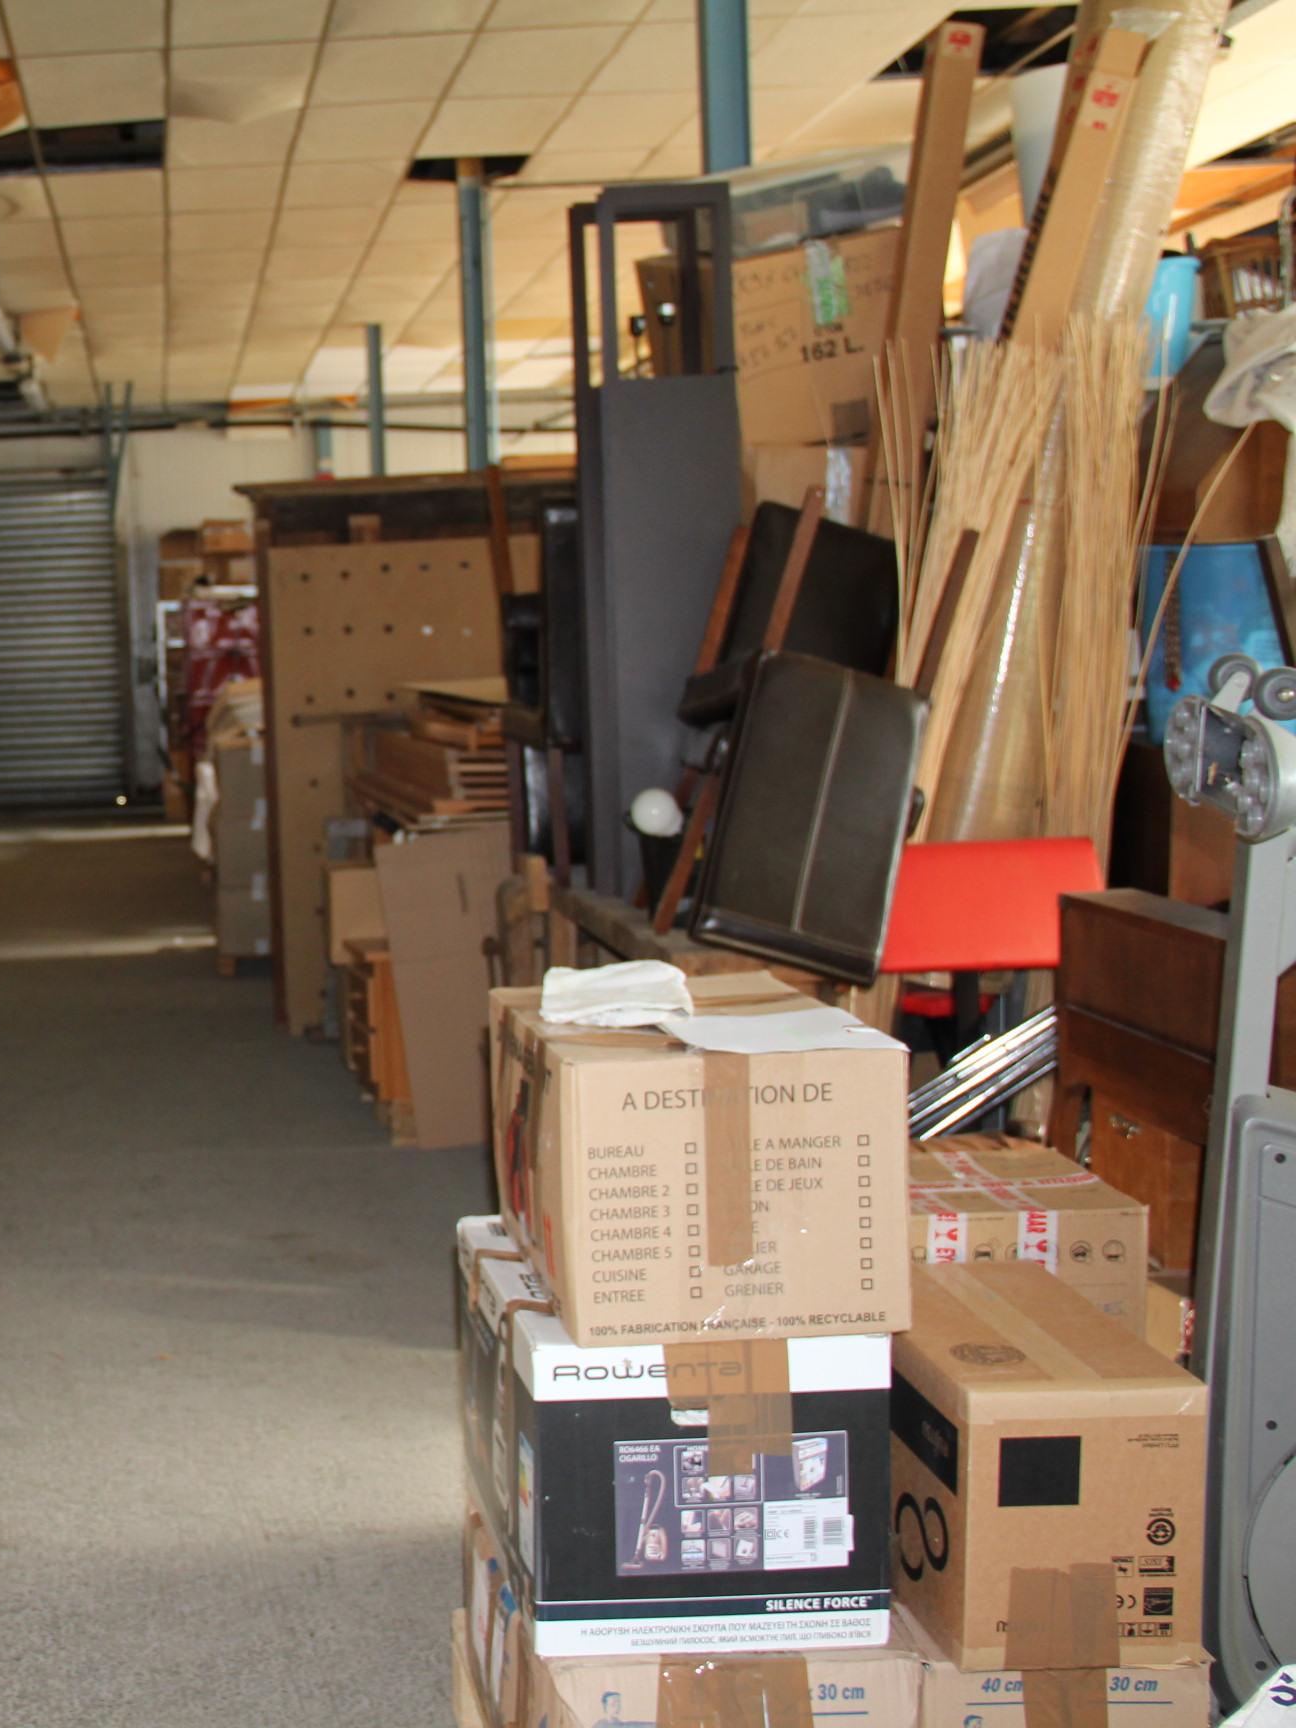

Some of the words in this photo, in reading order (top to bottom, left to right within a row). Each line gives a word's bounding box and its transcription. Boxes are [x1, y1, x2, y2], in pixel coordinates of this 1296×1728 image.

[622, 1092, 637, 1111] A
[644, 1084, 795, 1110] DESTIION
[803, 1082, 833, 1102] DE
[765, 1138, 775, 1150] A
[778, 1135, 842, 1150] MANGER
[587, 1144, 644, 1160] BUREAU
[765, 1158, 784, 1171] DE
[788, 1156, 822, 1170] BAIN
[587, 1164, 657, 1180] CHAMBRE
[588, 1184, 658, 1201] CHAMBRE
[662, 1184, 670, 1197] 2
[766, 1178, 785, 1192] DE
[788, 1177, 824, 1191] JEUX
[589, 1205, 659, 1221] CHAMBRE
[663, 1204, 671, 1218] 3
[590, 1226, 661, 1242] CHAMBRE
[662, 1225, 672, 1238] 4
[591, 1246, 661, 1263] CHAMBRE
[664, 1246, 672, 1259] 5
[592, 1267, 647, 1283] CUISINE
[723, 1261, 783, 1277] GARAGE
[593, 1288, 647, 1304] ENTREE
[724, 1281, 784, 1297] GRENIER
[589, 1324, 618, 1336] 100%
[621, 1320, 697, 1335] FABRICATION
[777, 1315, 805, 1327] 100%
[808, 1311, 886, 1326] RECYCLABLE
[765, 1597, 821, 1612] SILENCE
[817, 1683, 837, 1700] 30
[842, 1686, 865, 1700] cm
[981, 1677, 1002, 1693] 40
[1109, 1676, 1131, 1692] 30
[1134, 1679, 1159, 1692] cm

- - -

(Problem requirements) Copy all of the data word for word, and keep the pictures out of it.

(Answer below)
Some of the words in this photo, in reading order (top to bottom, left to right within a row). Each line gives a word's bounding box and its transcription. Boxes are [x1, y1, x2, y2], in pixel coordinates of this 1296×1728 image.

[622, 1092, 637, 1111] A
[644, 1084, 795, 1110] DESTIION
[803, 1082, 833, 1102] DE
[765, 1138, 775, 1150] A
[778, 1135, 842, 1150] MANGER
[587, 1144, 644, 1160] BUREAU
[765, 1158, 784, 1171] DE
[788, 1156, 822, 1170] BAIN
[587, 1164, 657, 1180] CHAMBRE
[588, 1184, 658, 1201] CHAMBRE
[662, 1184, 670, 1197] 2
[766, 1178, 785, 1192] DE
[788, 1177, 824, 1191] JEUX
[589, 1205, 659, 1221] CHAMBRE
[663, 1204, 671, 1218] 3
[590, 1226, 661, 1242] CHAMBRE
[662, 1225, 672, 1238] 4
[591, 1246, 661, 1263] CHAMBRE
[664, 1246, 672, 1259] 5
[592, 1267, 647, 1283] CUISINE
[723, 1261, 783, 1277] GARAGE
[593, 1288, 647, 1304] ENTREE
[724, 1281, 784, 1297] GRENIER
[589, 1324, 618, 1336] 100%
[621, 1320, 697, 1335] FABRICATION
[777, 1315, 805, 1327] 100%
[808, 1311, 886, 1326] RECYCLABLE
[765, 1597, 821, 1612] SILENCE
[817, 1683, 837, 1700] 30
[842, 1686, 865, 1700] cm
[981, 1677, 1002, 1693] 40
[1109, 1676, 1131, 1692] 30
[1134, 1679, 1159, 1692] cm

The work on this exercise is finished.